(Task to carry out) Transcribe all of the data exactly. Omit the pictures.

(Text-to-region grounding data)
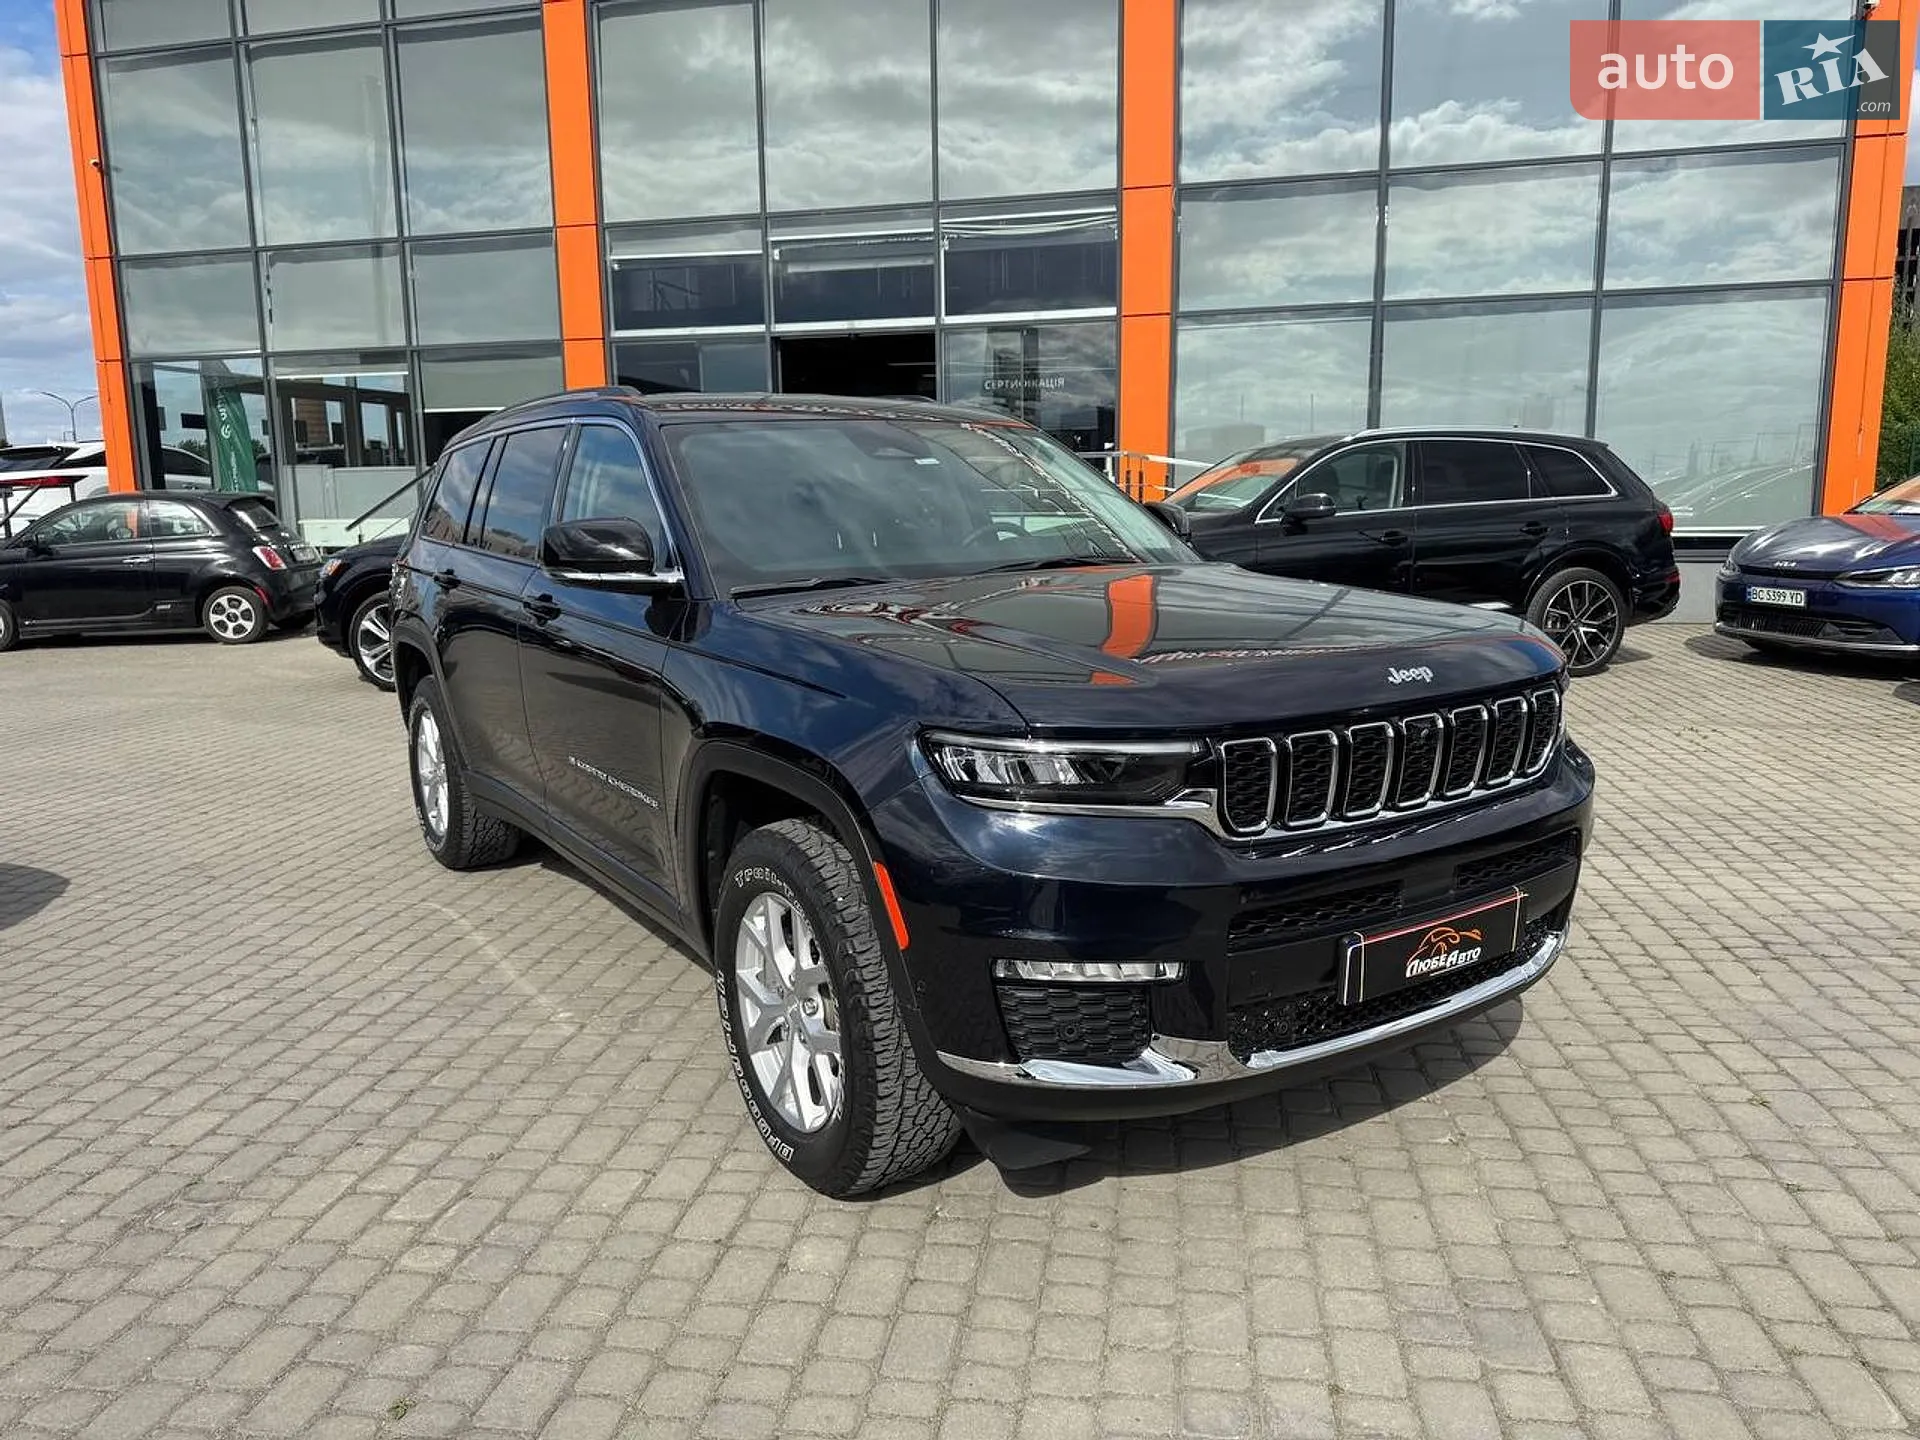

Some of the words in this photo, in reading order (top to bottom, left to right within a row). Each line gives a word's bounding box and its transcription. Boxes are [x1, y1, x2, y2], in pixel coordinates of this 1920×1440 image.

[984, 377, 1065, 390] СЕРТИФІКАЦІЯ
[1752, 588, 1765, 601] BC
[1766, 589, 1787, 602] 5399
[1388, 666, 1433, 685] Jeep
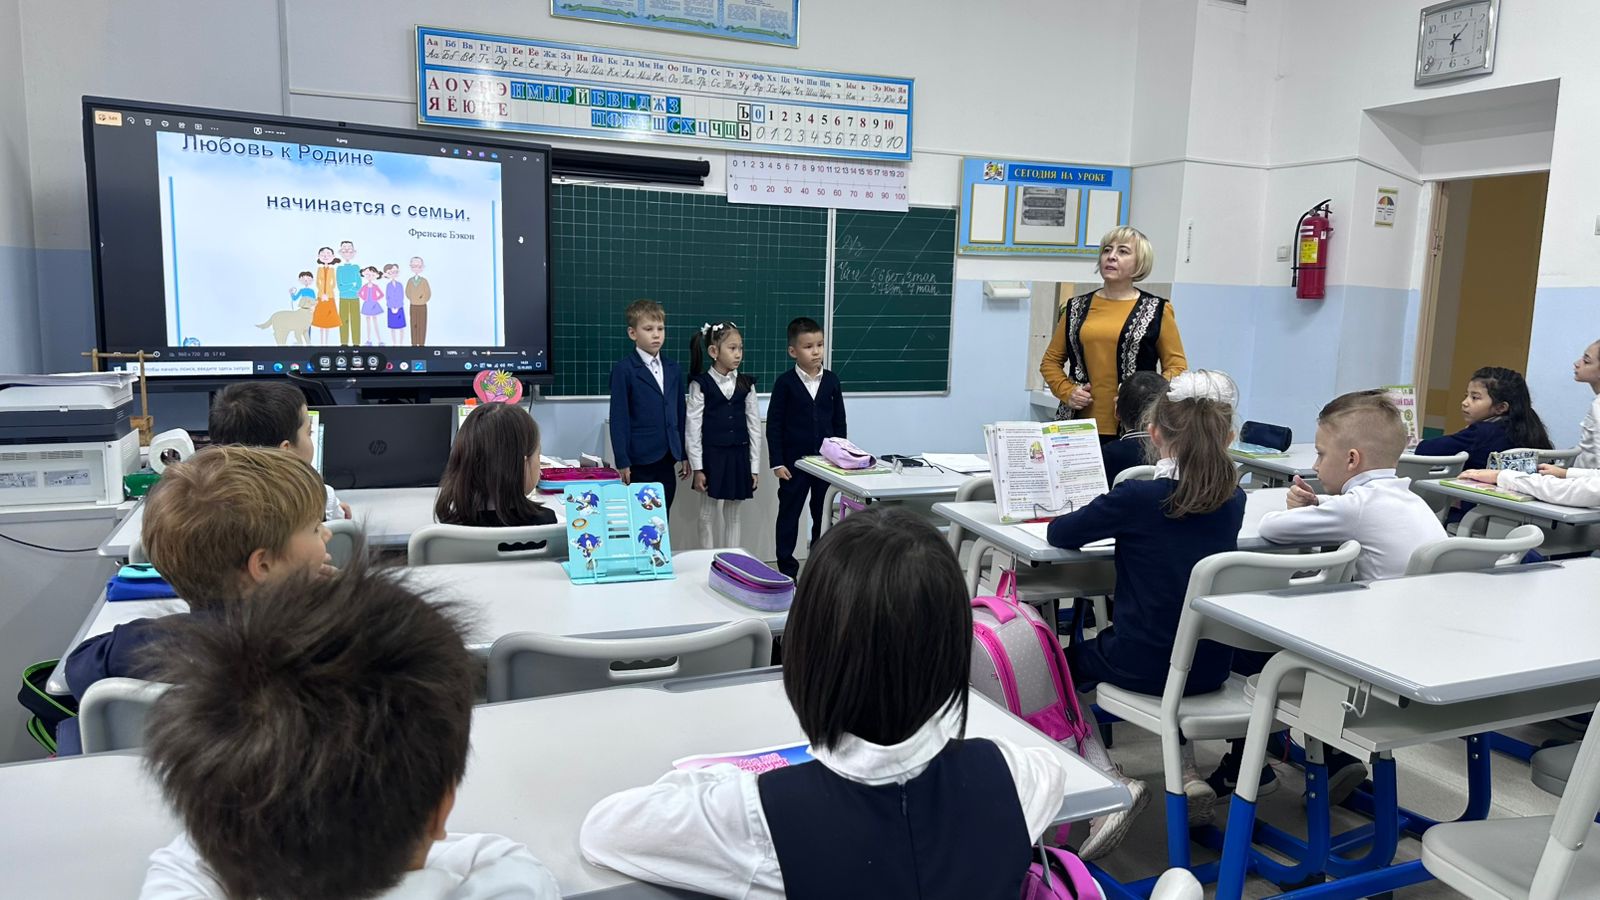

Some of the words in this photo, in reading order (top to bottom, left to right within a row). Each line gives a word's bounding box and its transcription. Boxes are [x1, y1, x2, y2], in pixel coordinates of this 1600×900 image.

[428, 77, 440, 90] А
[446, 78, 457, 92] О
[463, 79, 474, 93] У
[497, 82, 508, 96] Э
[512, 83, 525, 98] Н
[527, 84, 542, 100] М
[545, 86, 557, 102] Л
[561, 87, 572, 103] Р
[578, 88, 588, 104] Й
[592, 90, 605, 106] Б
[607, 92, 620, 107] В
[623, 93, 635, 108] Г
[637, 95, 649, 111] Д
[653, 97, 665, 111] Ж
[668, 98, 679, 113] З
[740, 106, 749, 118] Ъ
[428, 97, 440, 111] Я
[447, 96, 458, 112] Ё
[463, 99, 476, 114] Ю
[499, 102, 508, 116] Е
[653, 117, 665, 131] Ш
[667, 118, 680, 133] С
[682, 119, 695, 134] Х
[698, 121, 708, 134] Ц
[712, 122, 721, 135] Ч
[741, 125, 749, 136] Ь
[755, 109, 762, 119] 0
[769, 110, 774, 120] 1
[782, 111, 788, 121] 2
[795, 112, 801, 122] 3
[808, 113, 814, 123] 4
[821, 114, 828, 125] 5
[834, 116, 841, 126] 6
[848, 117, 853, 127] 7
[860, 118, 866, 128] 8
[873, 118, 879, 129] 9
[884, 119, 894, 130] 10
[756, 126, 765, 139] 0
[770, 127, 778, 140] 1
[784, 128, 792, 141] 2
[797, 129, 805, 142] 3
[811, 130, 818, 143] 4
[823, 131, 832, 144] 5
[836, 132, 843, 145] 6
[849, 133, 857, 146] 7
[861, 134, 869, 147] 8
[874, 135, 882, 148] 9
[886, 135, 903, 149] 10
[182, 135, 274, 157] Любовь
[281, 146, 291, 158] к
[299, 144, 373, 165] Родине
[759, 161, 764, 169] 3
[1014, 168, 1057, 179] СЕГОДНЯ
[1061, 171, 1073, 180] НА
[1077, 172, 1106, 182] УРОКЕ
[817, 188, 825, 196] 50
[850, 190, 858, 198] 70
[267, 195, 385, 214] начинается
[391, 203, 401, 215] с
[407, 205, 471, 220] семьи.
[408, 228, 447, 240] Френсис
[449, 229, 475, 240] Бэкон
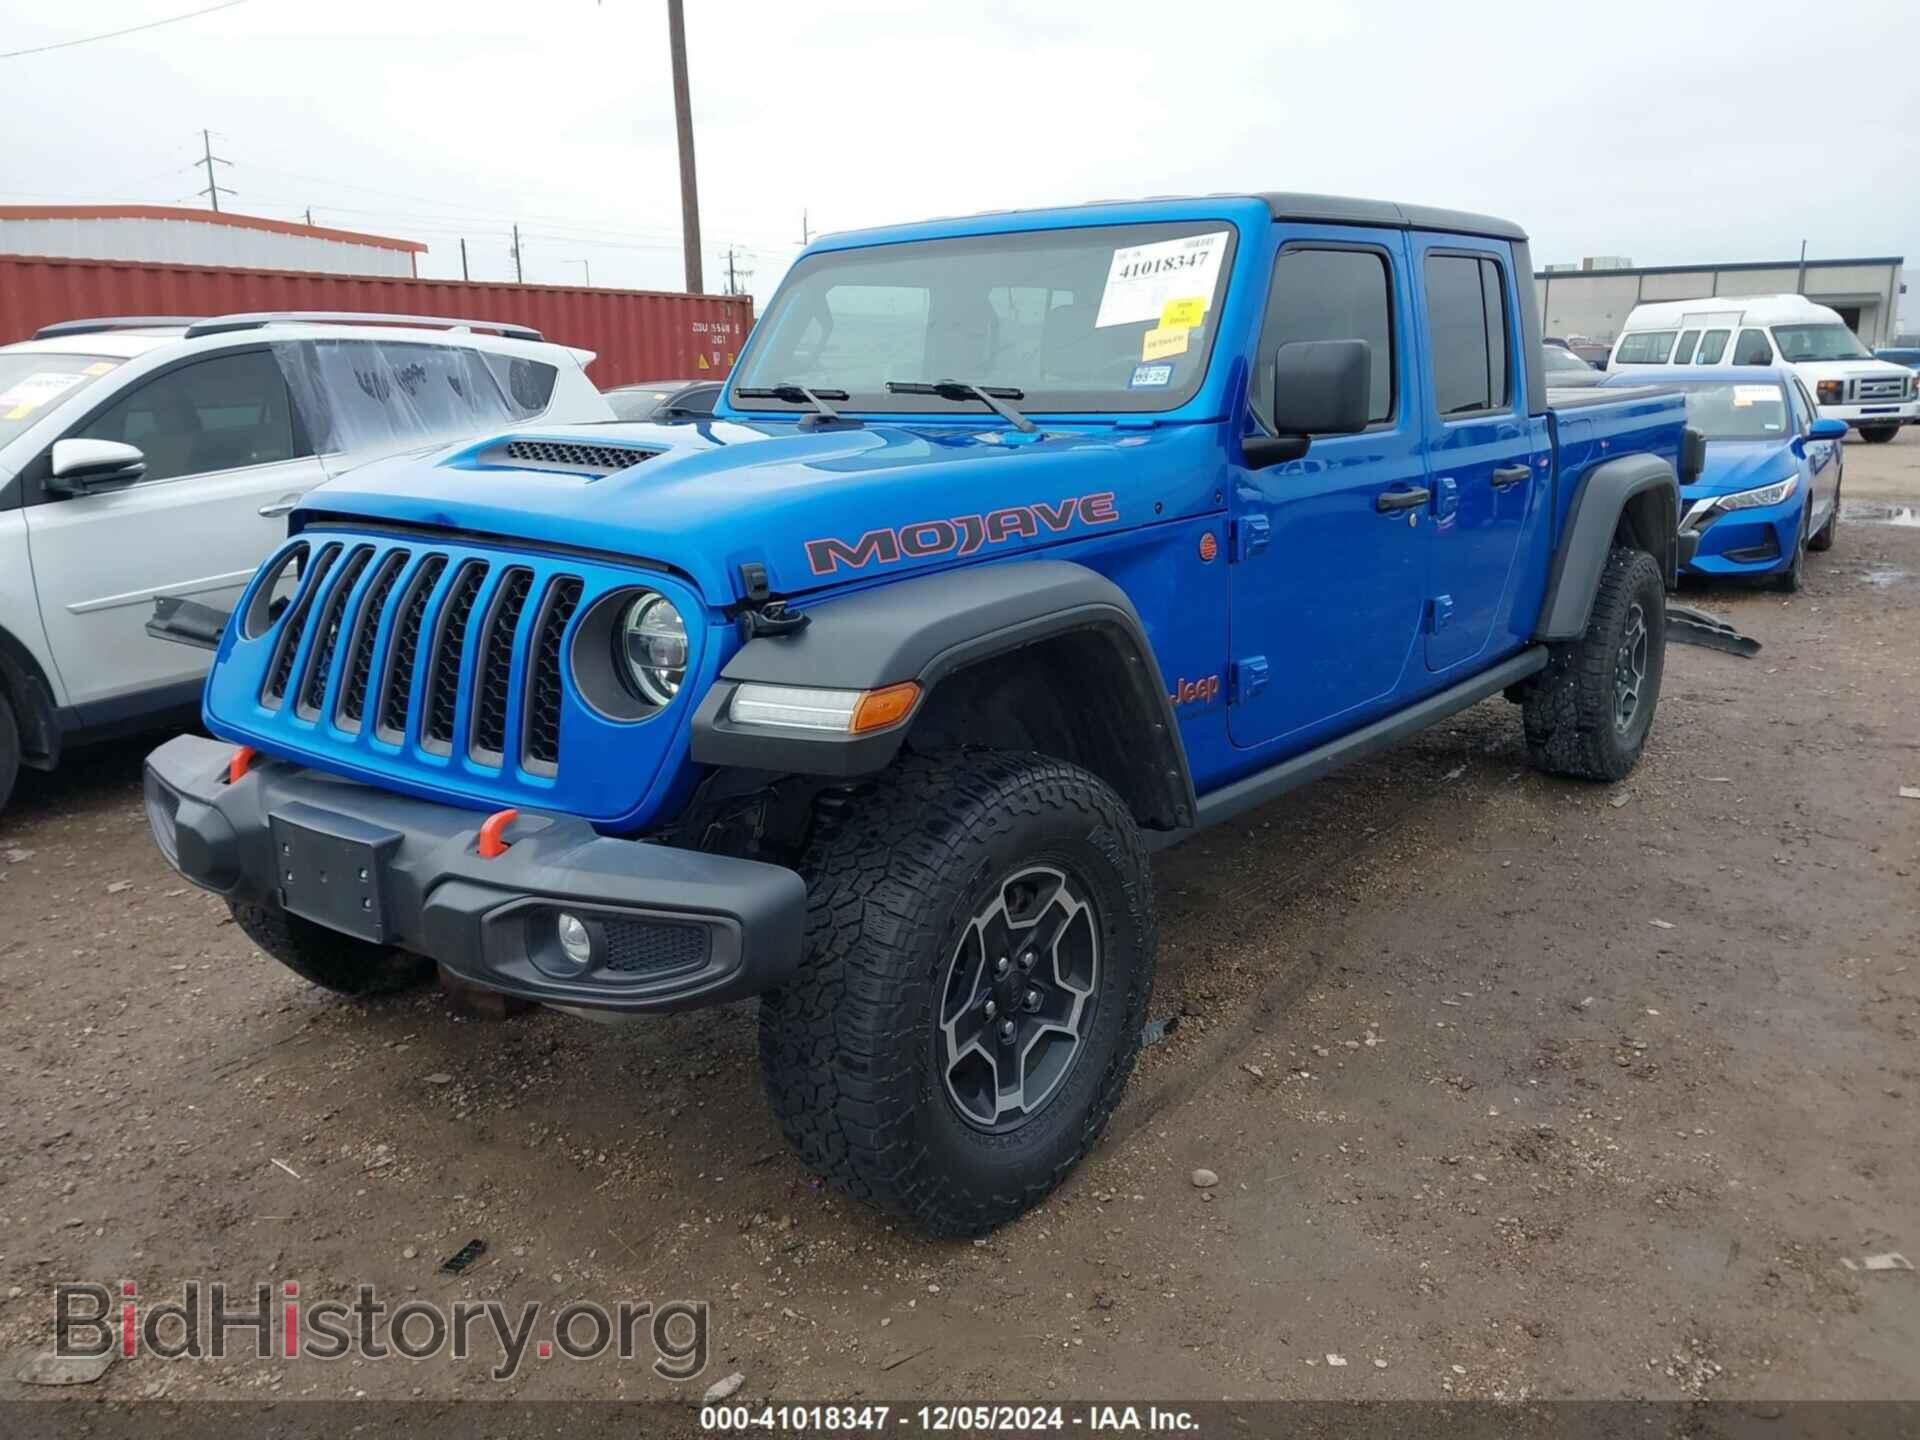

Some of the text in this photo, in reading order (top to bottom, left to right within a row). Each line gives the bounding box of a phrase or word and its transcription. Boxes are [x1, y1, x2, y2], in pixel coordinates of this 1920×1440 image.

(Expected output)
Some of the words in this photo, in reading order (top to bottom, left to right within a row). Each line gives a word's bounding box and its transcription. Boxes are [x1, y1, x2, y2], in pixel coordinates of this 1920×1440 image.

[984, 377, 1065, 390] СЕРТИФІКАЦІЯ
[1752, 588, 1765, 601] BC
[1766, 589, 1787, 602] 5399
[1388, 666, 1433, 685] Jeep

Some of the words in this photo, in reading order (top to bottom, left to right within a row). Each line gives a word's bounding box and its transcription. Boxes are [x1, y1, x2, y2], in pixel coordinates of this 1600×900 image.

[428, 77, 440, 90] А
[446, 78, 457, 92] О
[463, 79, 474, 93] У
[497, 82, 508, 96] Э
[512, 83, 525, 98] Н
[527, 84, 542, 100] М
[545, 86, 557, 102] Л
[561, 87, 572, 103] Р
[578, 88, 588, 104] Й
[592, 90, 605, 106] Б
[607, 92, 620, 107] В
[623, 93, 635, 108] Г
[637, 95, 649, 111] Д
[653, 97, 665, 111] Ж
[668, 98, 679, 113] З
[740, 106, 749, 118] Ъ
[428, 97, 440, 111] Я
[447, 96, 458, 112] Ё
[463, 99, 476, 114] Ю
[499, 102, 508, 116] Е
[653, 117, 665, 131] Ш
[667, 118, 680, 133] С
[682, 119, 695, 134] Х
[698, 121, 708, 134] Ц
[712, 122, 721, 135] Ч
[741, 125, 749, 136] Ь
[755, 109, 762, 119] 0
[769, 110, 774, 120] 1
[782, 111, 788, 121] 2
[795, 112, 801, 122] 3
[808, 113, 814, 123] 4
[821, 114, 828, 125] 5
[834, 116, 841, 126] 6
[848, 117, 853, 127] 7
[860, 118, 866, 128] 8
[873, 118, 879, 129] 9
[884, 119, 894, 130] 10
[756, 126, 765, 139] 0
[770, 127, 778, 140] 1
[784, 128, 792, 141] 2
[797, 129, 805, 142] 3
[811, 130, 818, 143] 4
[823, 131, 832, 144] 5
[836, 132, 843, 145] 6
[849, 133, 857, 146] 7
[861, 134, 869, 147] 8
[874, 135, 882, 148] 9
[886, 135, 903, 149] 10
[182, 135, 274, 157] Любовь
[281, 146, 291, 158] к
[299, 144, 373, 165] Родине
[759, 161, 764, 169] 3
[1014, 168, 1057, 179] СЕГОДНЯ
[1061, 171, 1073, 180] НА
[1077, 172, 1106, 182] УРОКЕ
[817, 188, 825, 196] 50
[850, 190, 858, 198] 70
[267, 195, 385, 214] начинается
[391, 203, 401, 215] с
[407, 205, 471, 220] семьи.
[408, 228, 447, 240] Френсис
[449, 229, 475, 240] Бэкон

Some of the text in this photo, in reading order (top to bottom, left to right within a row). Each line gives the bounding box of a phrase or word and its transcription. Boxes are [x1, y1, x2, y2], in pixel coordinates of this 1920×1440 image.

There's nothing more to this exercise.